A formerly abandoned stretch of elevated railway track that runs through Logan Square, Humboldt Park, Wicker Park and Bucktown has found new life as the 606. Named after the first three digits in every Chicago zip code, the 2.7-mile path provides a quick way to travel east and west on the North Side, connecting several parks and public art installations. Prepare to dodge strollers, bicycles and residents out for a very slow jog on this popular throughway.
A ramshackle roadhouse of country-rock in an industrial stretch of the city wouldn't be complete without a few characters hanging out on the porch no matter the weather. Longtime local acts like Devil in a Woodpile play inside, but the music can still be heard over the cracking of PBR cans out front. It can be difficult to reach this juke joint via public trans, but it is worth it for the cheap beer, live music and DJs dropping nostalgia, from Prince to Devo.
Set right in the heart of Wicker Park, this venue has a place for those seeking concerts—and for those simply seeking beer. Upstairs, you'll find stage, which features live heavy rock and hip hop acts nightly, while the downstairs bar serves as a cozy den for a weekly lineup of reggae and house nights. Subterranean is also one of the best places in town for 17-and-up shows.
Each Sunday, a small horde of farmers, vendors and shoppers descend on Wicker Park for the neighborhood's farmers' market, which features fresh regional goods. The market typically begins in May and ends sometime in October when the chill of fall begins to set in.

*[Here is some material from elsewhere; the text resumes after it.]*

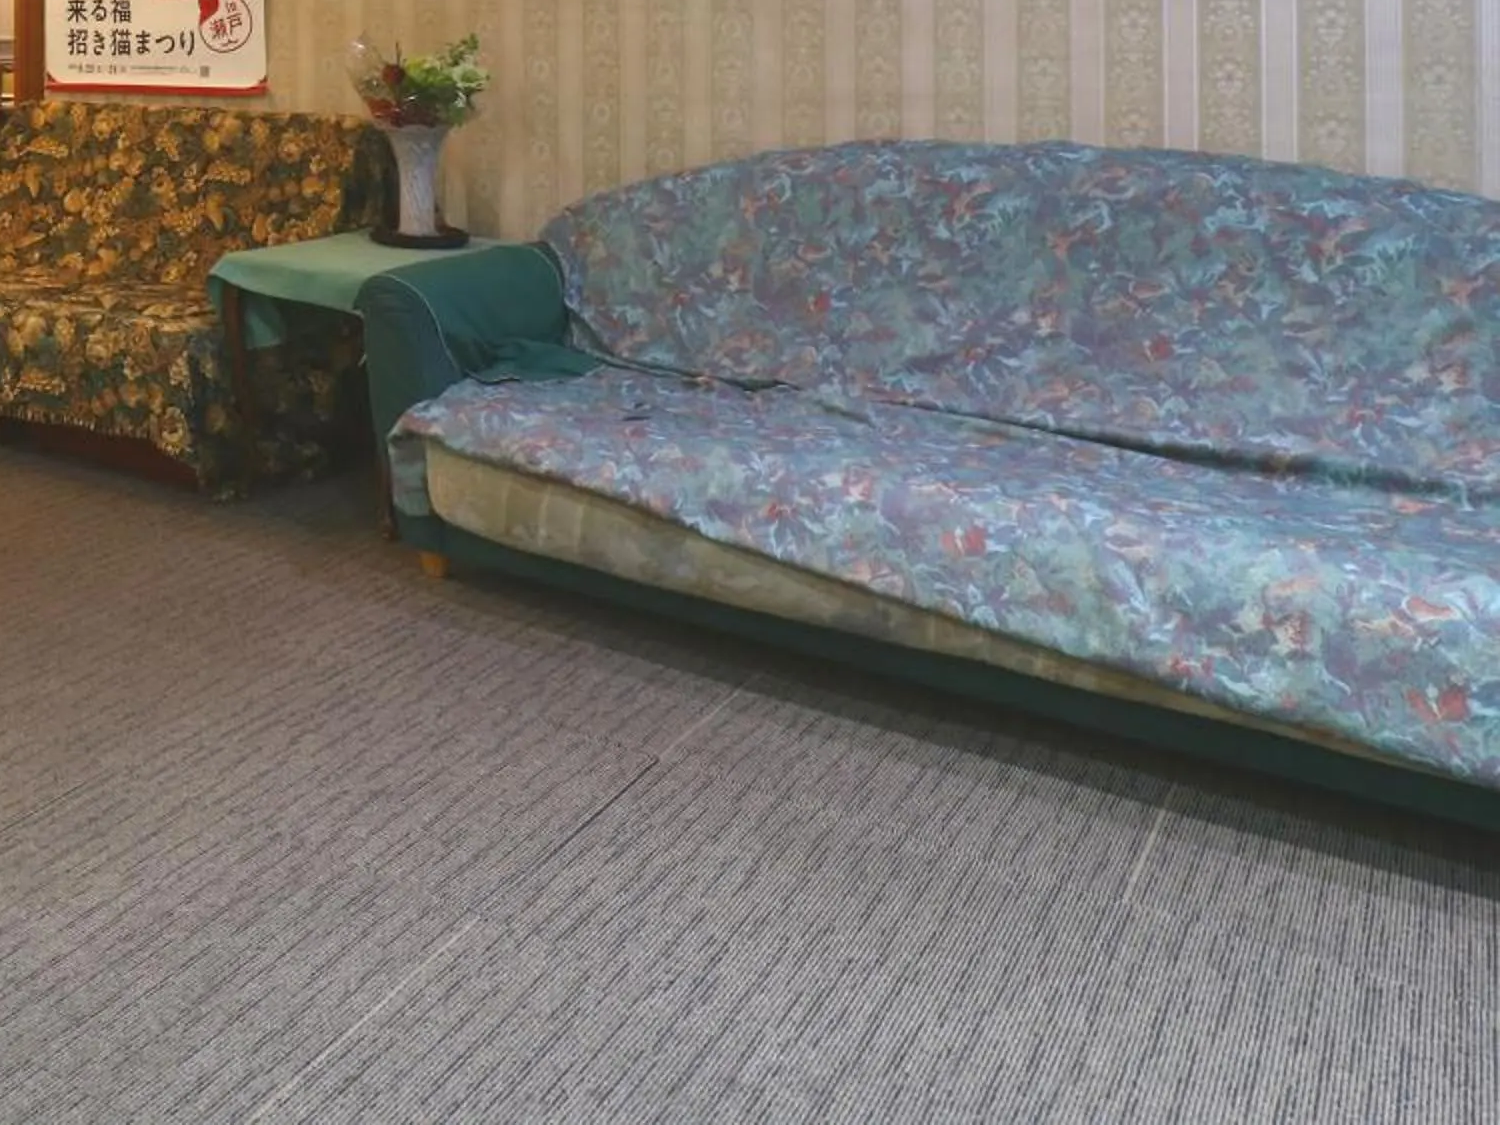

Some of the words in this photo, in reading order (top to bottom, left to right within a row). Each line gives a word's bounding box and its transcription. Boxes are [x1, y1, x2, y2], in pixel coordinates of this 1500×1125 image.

[68, 28, 195, 56] 招き猫まつり

Before Wicker Park became a sea of boutiques, chain restaurants and condos, the neighborhood attracted artists with cheap rent and trendy coffee houses. Established in 1985, the Flatiron Arts Building is a vestige of the area's bohemian past, containing a smattering of artists' studios and local businesses. The building is open to the public daily, but guests can take a look inside artists studios on the first Friday of each month.
In just the span of a few years, this Wicker Park space has become a vital three-story hub both for its own productions, resident companies the Hypocrites, Irish Theatre of Chicago and the New Colony and for rising young troupes like Jackalope, Akvavit Theatre and Pavement Group. At any given moment the Den may be hosting six different productions. It's also one of the few theaters where you might really want to stick around after the show; on one recent visit, we stepped out post-curtain to find a jazz singer and pianist entertaining a crowd in the cozy, well-equipped lobby bar.
Founded by John Corbett and Jim Dempsey in 2004, Corbett vs. Dempsey reflects its owners diverse interests: jazz, film, American modernist traditions, middle-American approaches to abstraction and contemporary art. Located on the third floor of the Dusty Groove building, the art gallery (like a fine record shop) places an emphasis on digging up undiscovered talent, often featuring great regional art.
WhirlyBall, a made-up sport that is played by two teams driving bumper cars, combines elements of lacrosse, hockey and basketball. Needless to say, it's a ton of fun after you've had a few drinks. The new WhirlyBall location in Bucktown doubles the size of its previous facility, adding 12 bowling lanes and a new laser tag arena, in addition to three WhirlyBall courts. Fuel up for an evening of fun at the revamped bar, which features food, a full cocktail menu and rotating selection of craft beers.
This small Bucktown park offers baseball fields, basketball courts, a playground, spray pool and one of our favorite (sparsely populated) swimming pools in the city. Holstein Park also hosts an array of programming for toddlers, elementary schoolers and pre-teens, from art and ABCs to summer day camps.